In Worcester, Massachusetts, daily highs for Saturday and Sunday are 88 and 90 degrees, respectively. The city attached the record on Saturday at 88, and could exceed 90 on Sunday.

“We’re definitely a little ahead of schedule,” said Matthew Belk, meteorologist with the Boston Weather Services office. “The average first 90-degree day in Boston is June 8. It’s a bit earlier when you exit to Hartford, Connecticut; May 30 is usually the first average 90 degree day.

This weekend’s early-season heat wave is due to high pressure off the east coast, driving southerly winds pushing warm, moist air into the northeast, bringing temperatures of 20 30 degrees above normal for this time of year.

Records were also set in Richmond, Virginia on Saturday at 95 degrees and Hagerstown, Maryland at 91 degrees, and records were tied in Philadelphia and Dulles International Airport at 95 and 92 degrees respectively, according to data from meteorological services.

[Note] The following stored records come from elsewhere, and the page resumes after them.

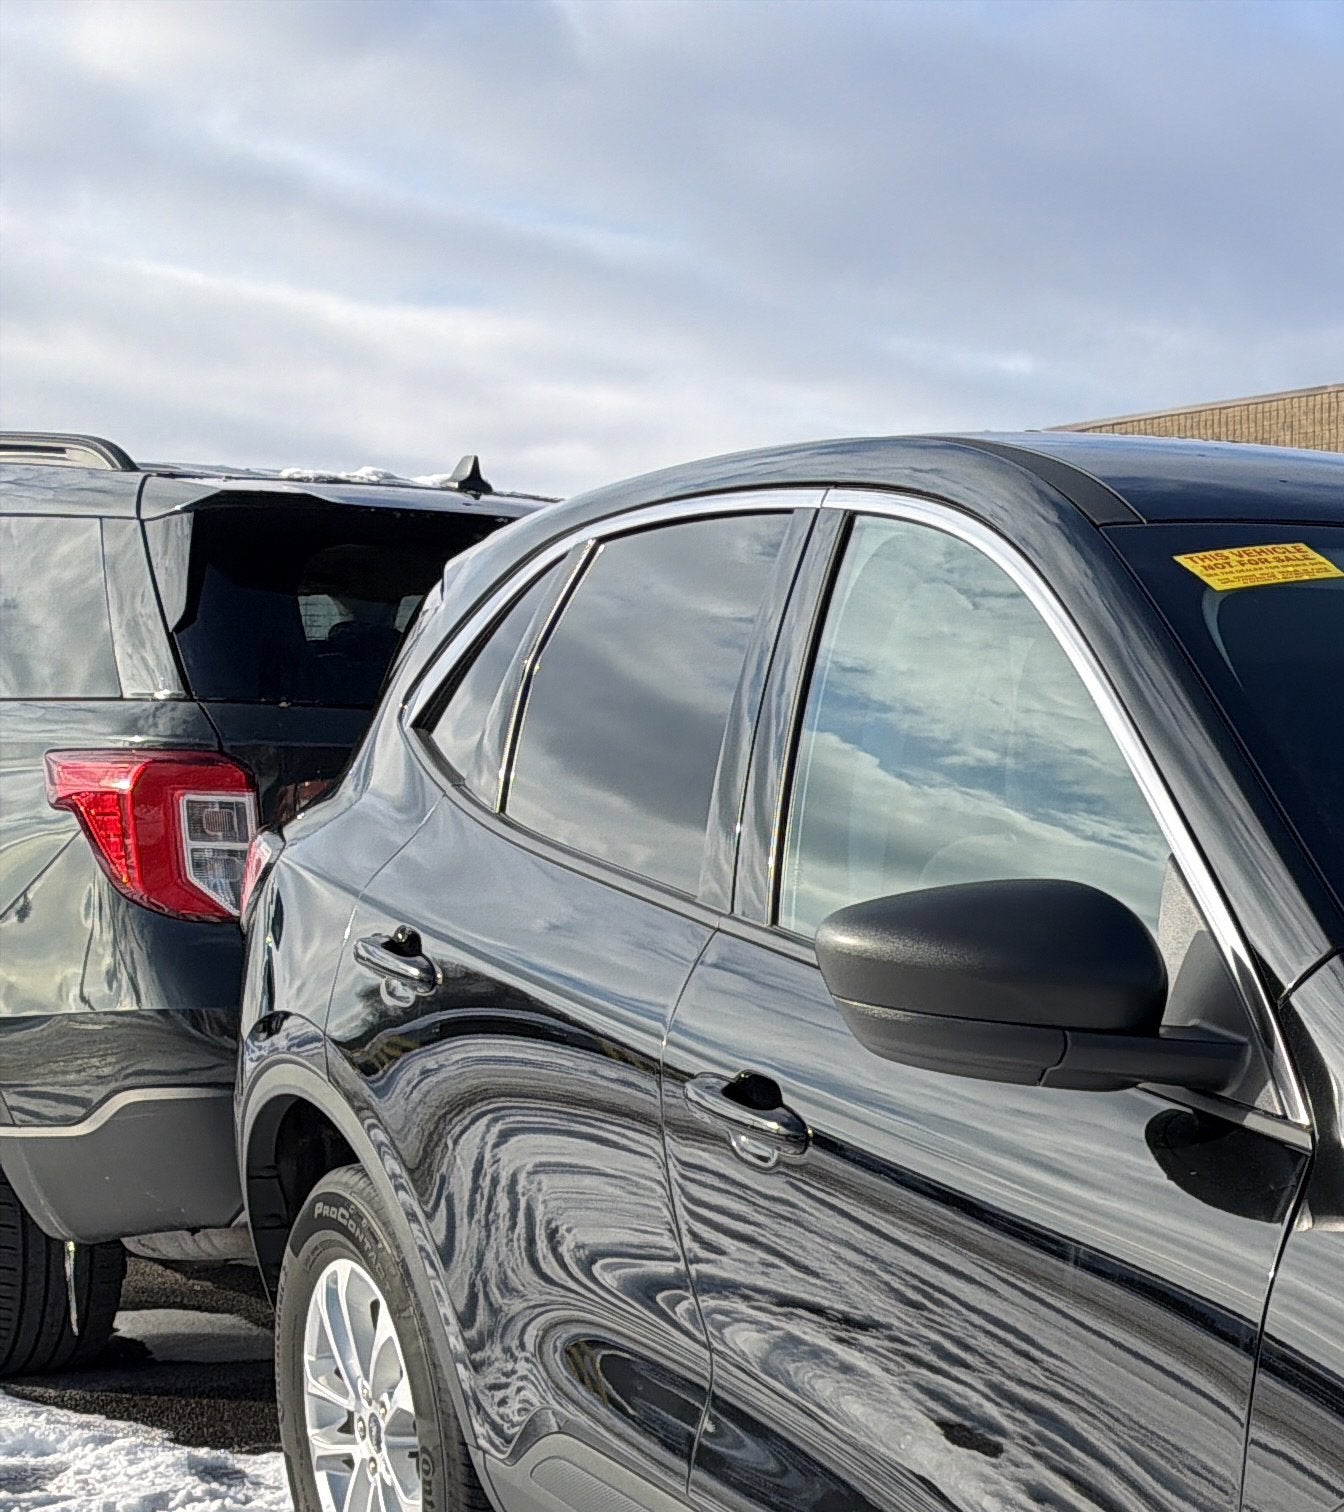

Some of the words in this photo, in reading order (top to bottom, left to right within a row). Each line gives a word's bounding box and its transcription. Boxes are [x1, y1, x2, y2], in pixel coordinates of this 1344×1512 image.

[1183, 552, 1231, 565] THIS
[1229, 545, 1309, 559] VEHICLE
[1201, 561, 1235, 572] NOT
[1237, 557, 1271, 567] FOR
[1272, 554, 1316, 563] SALE

Half the population feels the heat

Nearly 170 million people, or about 52% of the population of the Lower 48, are expected to feel 90-degree heat over the weekend.

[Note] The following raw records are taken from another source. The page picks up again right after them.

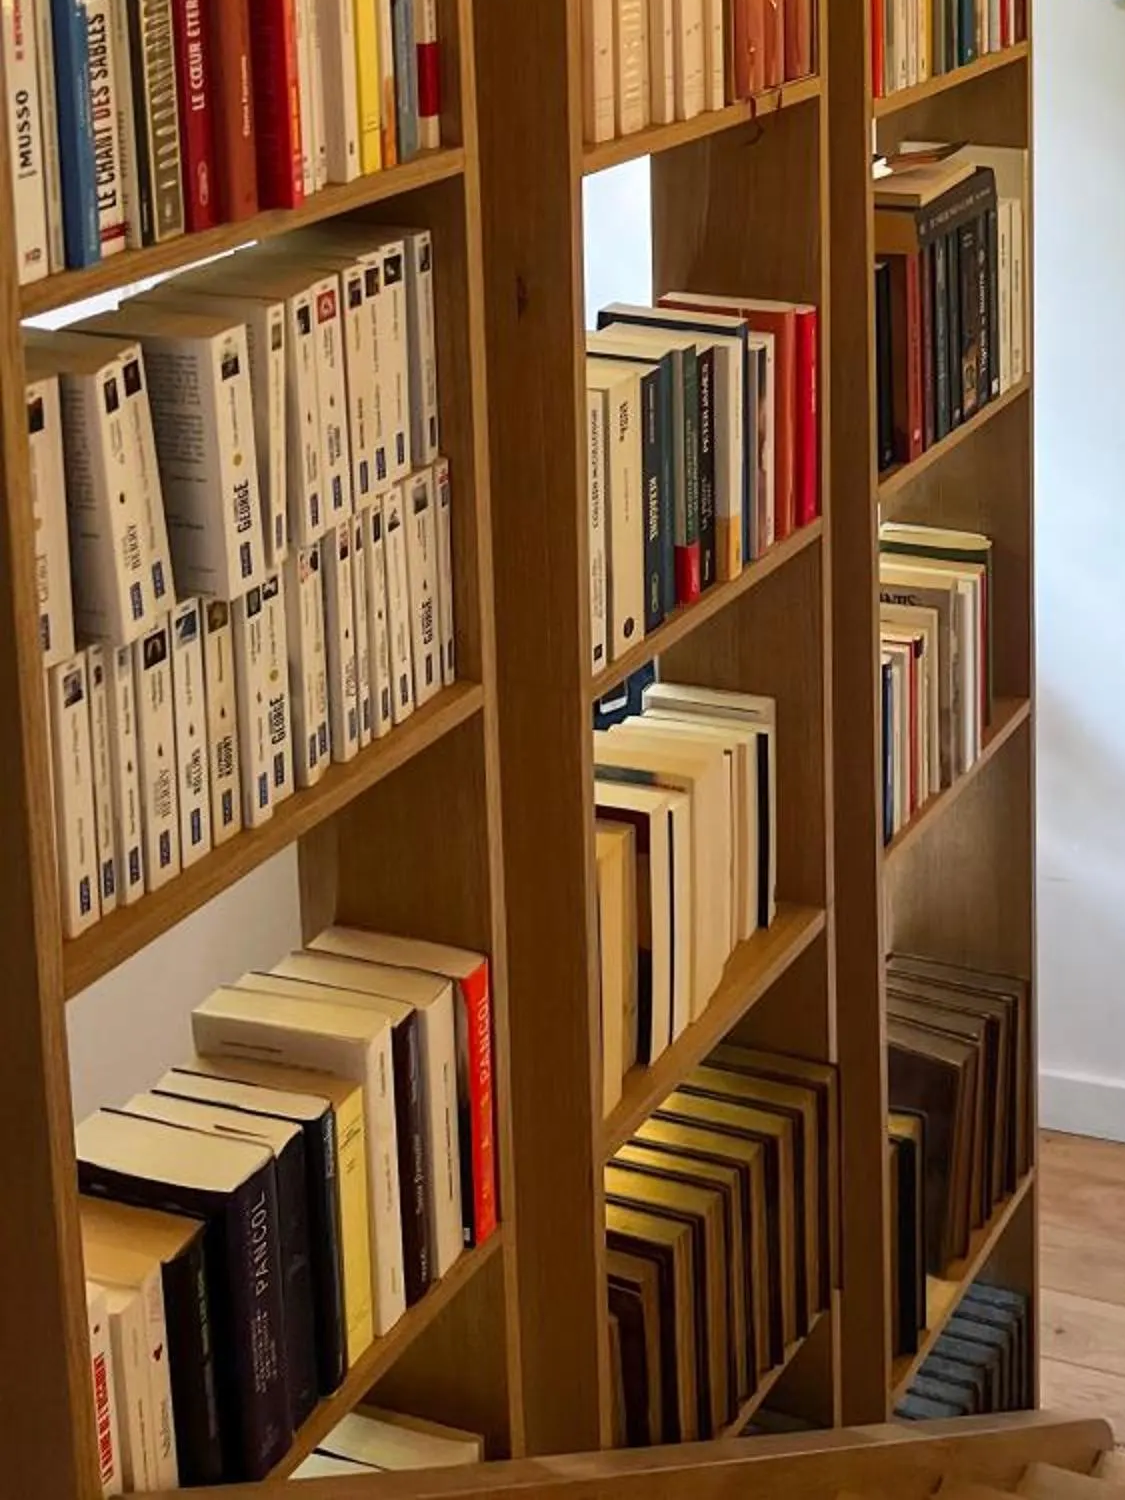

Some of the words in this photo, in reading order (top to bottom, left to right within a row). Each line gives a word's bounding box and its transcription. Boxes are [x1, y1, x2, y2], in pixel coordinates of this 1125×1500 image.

[89, 12, 109, 80] SABLES
[15, 89, 33, 169] MUSSO
[91, 84, 112, 120] DES
[191, 93, 206, 111] LE
[95, 125, 115, 186] CHANT
[97, 188, 117, 211] LE
[235, 479, 251, 533] GEORGE
[127, 523, 142, 571] BERRY
[271, 693, 286, 745] GEORGE
[477, 989, 490, 1083] PANCOL
[250, 1189, 269, 1295] PANCOL

On Sunday, New York is expected to reach 90, Philadelphia 92, Baltimore 91 and Washington, DC, 93, the weather service said.

“More than half of the American population will see temperatures at or above 90 degrees this weekend, and it’s only May,” said CNN meteorologist Pedram Javaheri.

For some regions, it’s not just the heat, but also the humidity that brings “lookalike” temperatures into the triple digits.

“As many outdoor events are planned for this weekend in the area, please be aware of the heat and take extra precautions if working or spending time outdoors this weekend,” said the Baltimore/Washington Weather Services office.

Heat is the number one killer

Even though the calendar does not yet indicate that it is summer, Mother Nature has other plans, so it is important to be aware of the health hazards associated with this heat wave. For example, never leave children or pets in a hot car. Already.

“Since this will be the first heat wave of the year, it’s important to be really aware to make sure you’re aware of any heat illnesses or heatstroke-related symptoms and d “Be especially careful with them and have extra water on hand to combat this and the importance of shade,” said Aaron Swiggett, meteorologist with the Raleigh, Carolina Weather Services office. North.

Swiggett also pointed out that the predicted temperatures are actually for shade, not full sun. So keep in mind that your predicted high temperatures are actually going to feel even hotter in direct sunlight.

The northeast heat wave will persist on Sunday
“Heat is a very sneaky killer,” said Chesnea Skeen, a meteorologist with the Baltimore/DC Weather Service office. “A lot of people don’t see it as a huge threat, but it’s actually one of the biggest killers when it comes to extreme weather.”

Skeen stressed the importance of taking the heat seriously.

“Make sure to hydrate, stay in the shade, protect yourself from the sun when possible,” Skeen said. “And keep an eye out for the people in your life who are more heat sensitive, like the young and old and those who might be compromised.”

The good news is that the heat wave will be short-lived. Once the cold front crosses the east coast on Monday, temperatures will drop back into the 60s and 70s for the northeast and mid-Atlantic.